Ia pun juga menjelaskan bahwa situasi Covid-19 di Indonesia per pekan lalu di minggu ketiga bulan Mei kasusnya saat ini 0, diartikan tidak ada penemuan kasus Covid-19.
“Per minggu lalu kasusnya 0, sub varian KP.2.1.8 dan MB.1.1.2 (turunan Omicron) beda denga negara tetangga yang banyak JN.1 (XEC, LP.8.1),”kata Aji dikutip dari situs resmi Kemkes, Rabu, 28 Mei 2025.
“Tapi saat ini semua varian risikonya rendah, tidak timbulkan keparahan,”
Meski demikian, Aji tetap mengimbau masyarakat untuk melakukan perilaku hidup bersih dan sehat. Masyarakat juga disarankan mengonsumsi asupan makan bergizi agar tercipta imunitas yang sehat dan bugar.
“Istirahat cukup, aktivitas fisik rutin,” kata Aji.
Imbauan lainnya, masyarakat diminta untuk menerapkan etika batuk atau bersin dan gunakan masker jika sedang flu.
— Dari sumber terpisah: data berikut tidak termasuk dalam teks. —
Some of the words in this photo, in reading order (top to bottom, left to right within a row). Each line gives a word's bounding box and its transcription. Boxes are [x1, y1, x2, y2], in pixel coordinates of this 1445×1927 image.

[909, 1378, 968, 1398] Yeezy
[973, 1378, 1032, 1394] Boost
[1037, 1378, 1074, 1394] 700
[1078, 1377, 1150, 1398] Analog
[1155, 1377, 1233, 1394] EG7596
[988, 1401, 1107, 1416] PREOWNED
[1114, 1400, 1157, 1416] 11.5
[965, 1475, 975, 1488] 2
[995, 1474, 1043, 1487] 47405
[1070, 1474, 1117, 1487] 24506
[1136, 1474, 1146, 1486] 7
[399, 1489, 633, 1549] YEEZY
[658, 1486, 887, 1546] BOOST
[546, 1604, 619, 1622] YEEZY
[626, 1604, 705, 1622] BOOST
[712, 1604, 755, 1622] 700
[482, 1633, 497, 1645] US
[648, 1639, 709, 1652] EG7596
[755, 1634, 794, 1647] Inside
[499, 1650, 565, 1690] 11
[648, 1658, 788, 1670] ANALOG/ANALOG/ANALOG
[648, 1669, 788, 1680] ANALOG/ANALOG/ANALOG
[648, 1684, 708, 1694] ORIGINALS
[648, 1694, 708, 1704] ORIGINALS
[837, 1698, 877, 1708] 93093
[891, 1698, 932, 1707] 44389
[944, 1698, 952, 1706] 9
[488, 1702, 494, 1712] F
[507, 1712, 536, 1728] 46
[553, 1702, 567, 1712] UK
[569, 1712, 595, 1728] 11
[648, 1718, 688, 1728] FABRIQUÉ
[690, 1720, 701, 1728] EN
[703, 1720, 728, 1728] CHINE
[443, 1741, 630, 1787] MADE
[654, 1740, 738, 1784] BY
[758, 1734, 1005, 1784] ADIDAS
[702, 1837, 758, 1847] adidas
Apabila merasakan sakit yang agak berat segera mendatangi fasilitas kesehatan dekat rumah.
Selain itu, bagi pelaku perjalanan ke luar negeri jika tak mendesak bisa menghindari negara-negara lain yang kini sedang tinggi kasusnya seperti Thailand, Singapura, Tiongkok.
“Kalau terpaksa harus bepergian ke luar negeri, terapkan protokol kesehatan dan ikuti ketentuan kesehatan di negara tersebut,”.
Sebelumnya diberitakan, Thailand baru-baru ini mengumumkan adanya lonjakan kasus konfirmasi positif Covid-19.
Dikutip dari Bangkok Post, Kementerian Kesehatan Masyarakat Thailand mengatakan varian XEC diklaim dapat merebak hingga tujuh kali lipat dari flu biasa.
Ditemukan 53.563 kasus covid-19 yang dilaporkan di Thailand minggu lalu, dan lima kasus meninggal dunia.
Menurut Departemen Pengendalian Penyakit. Departemen kasus tersebut tercatat sejak 18 hingga 24 Mei 2025.
Dari kasus tersebut, 2.827 merupakan pasien rawat inap dan 50.736 merupakan pasien rawat jalan.
Pasien berusia 30-39 tahun merupakan kelompok terbesar, yaitu 10.740 orang, diikuti oleh usia 20-29 tahun 9.527 orang, usia 60 tahun ke atas 8.107 orang, dan 4.117 anak kecil berusia hingga empat tahun.